• _ASSIGNED TASK_
Produce a verbatim transcription of the entries, with all pictures omitted.

Free-text object descriptions:
Start of Block
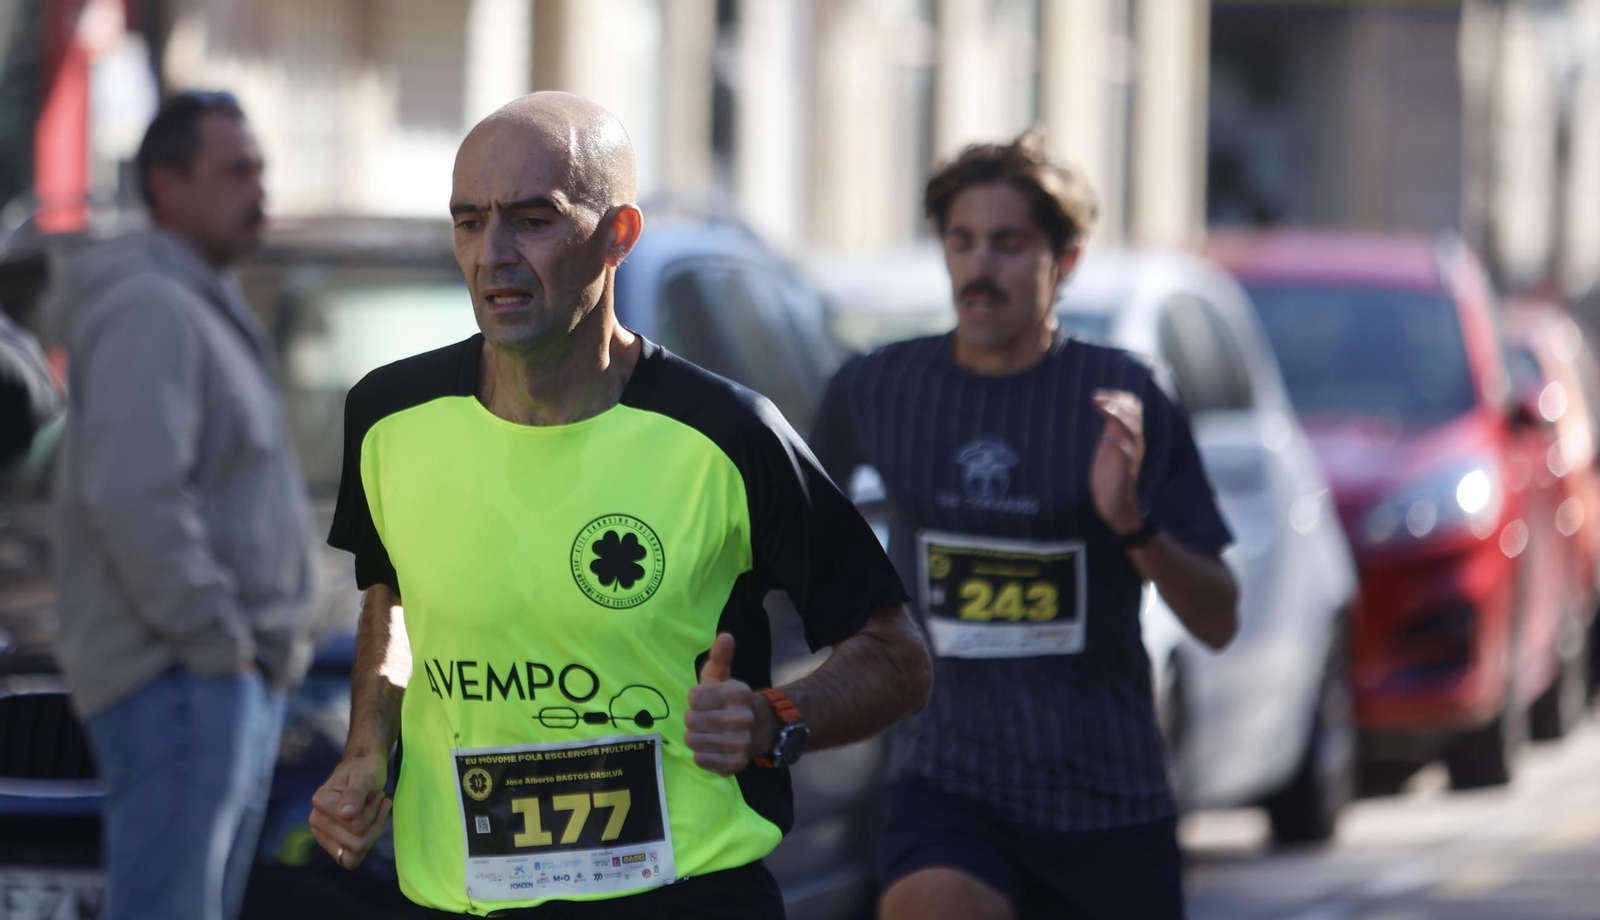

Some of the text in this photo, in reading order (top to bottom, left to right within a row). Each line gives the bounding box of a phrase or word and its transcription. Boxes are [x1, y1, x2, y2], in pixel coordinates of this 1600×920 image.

[587, 517, 629, 534] CARREIRA
[633, 522, 662, 562] SOLIDARIA
[612, 595, 645, 607] ESCLEROSE
[959, 580, 1059, 621] 243
[424, 659, 600, 703] AVEMPO
[518, 754, 543, 762] POLA
[545, 747, 600, 760] ESCLEROSE
[475, 779, 483, 788] 13
[525, 777, 555, 785] Alberto
[556, 772, 589, 782] BASTOS
[590, 769, 623, 779] DASILVA
[511, 789, 631, 848] 177
End of Block
• _ANSWER BELOW_
Some of the text in this photo, in reading order (top to bottom, left to right within a row). Each line gives the bounding box of a phrase or word and its transcription. Boxes are [x1, y1, x2, y2], in pixel coordinates of this 1600×920 image.

[587, 517, 629, 534] CARREIRA
[633, 522, 662, 562] SOLIDARIA
[612, 595, 645, 607] ESCLEROSE
[959, 580, 1059, 621] 243
[424, 659, 600, 703] AVEMPO
[518, 754, 543, 762] POLA
[545, 747, 600, 760] ESCLEROSE
[475, 779, 483, 788] 13
[525, 777, 555, 785] Alberto
[556, 772, 589, 782] BASTOS
[590, 769, 623, 779] DASILVA
[511, 789, 631, 848] 177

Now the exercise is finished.